From reviewing the source code, In fcgid_spawn_ctl.c when this condition happens, the following piece of code is executed.

/*
 * Process count of this class higher than up limit?
 */
if (current_node->process_counter >= current_node->max_class_process_count) {
    ap_log_error(APLOG_MARK, APLOG_DEBUG, 0, main_server,
                 "mod_fcgid: too many %s processes (current:%d, max:%d), skip the spawn request",
                  command->cgipath, current_node->process_counter,
                  current_node->max_class_process_count);
     return 0;
}

For example, if I have a FastCGI application which returns a 1MB buffer called buffer.exe.  I have configured FcgidMaxProcessesPerClass to 4, and now I launch 64 concurrent requests to buffer.exe which are looping.  The result is that some threads obtain the the buffer while others are simply staved.

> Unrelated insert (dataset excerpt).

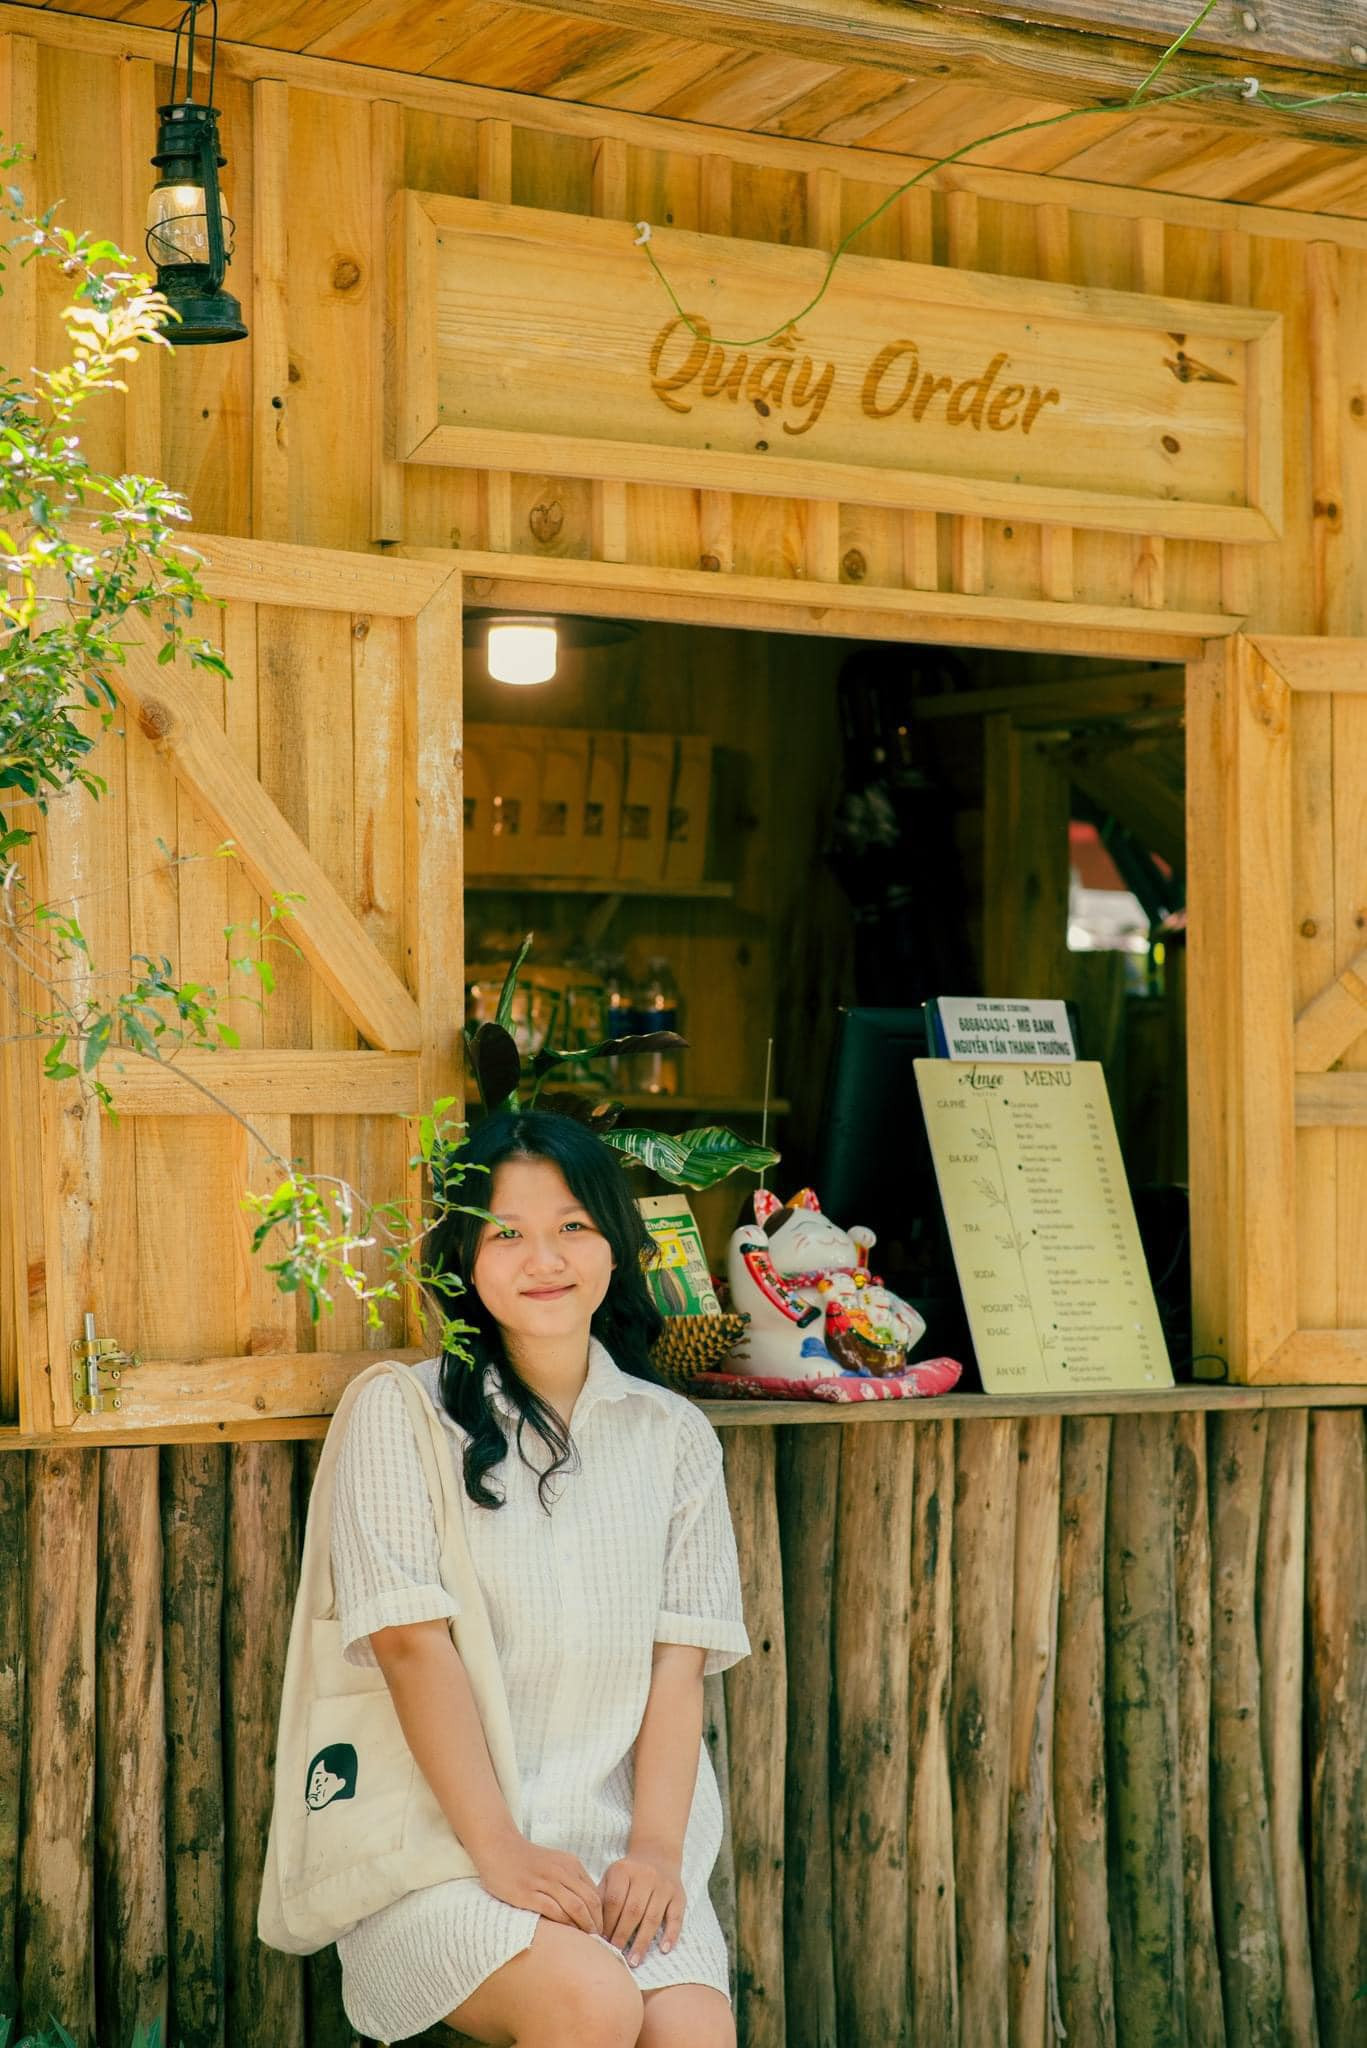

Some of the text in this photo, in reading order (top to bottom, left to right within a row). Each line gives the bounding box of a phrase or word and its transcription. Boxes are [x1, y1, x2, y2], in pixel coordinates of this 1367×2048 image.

The expected result is that I would want these 64 concurrent requests to equally be slow at obtaining the result rather then a few connections getting the result while others are staved.
Comment 1 Scott 2013-09-30 23:28:12 UTC
To produce the buffer.exe application, I'm compiling using libfcgi located here:
http://www.fastcgi.com/dist/fcgi-2.4.1-SNAP-0910052249.tar.gz

Here's an example of what buffer.exe would look like.

#include "fcgi_stdio.h"
#include <stdlib.h>

void main(void)
{
  FCGI_init();

/* Response loop. */
  while (FCGI_Accept() >= 0)   {
    char         *buf = NULL;
    unsigned int  bufsz = 1024*1024;

    printf("Content-type: text/html\r\n\r\n"
    buf = malloc(bufsz);
    FCGI_fwrite(buf, bufsz, 1, stdout);   
    free(buf);
  }
}
Comment 2 Scott 2013-10-01 13:48:40 UTC
In addition, I am running Apache on the Windows platform.  The build is Windows 32-bit compiled under Visual Studio 2010.  Apache 2.4.6.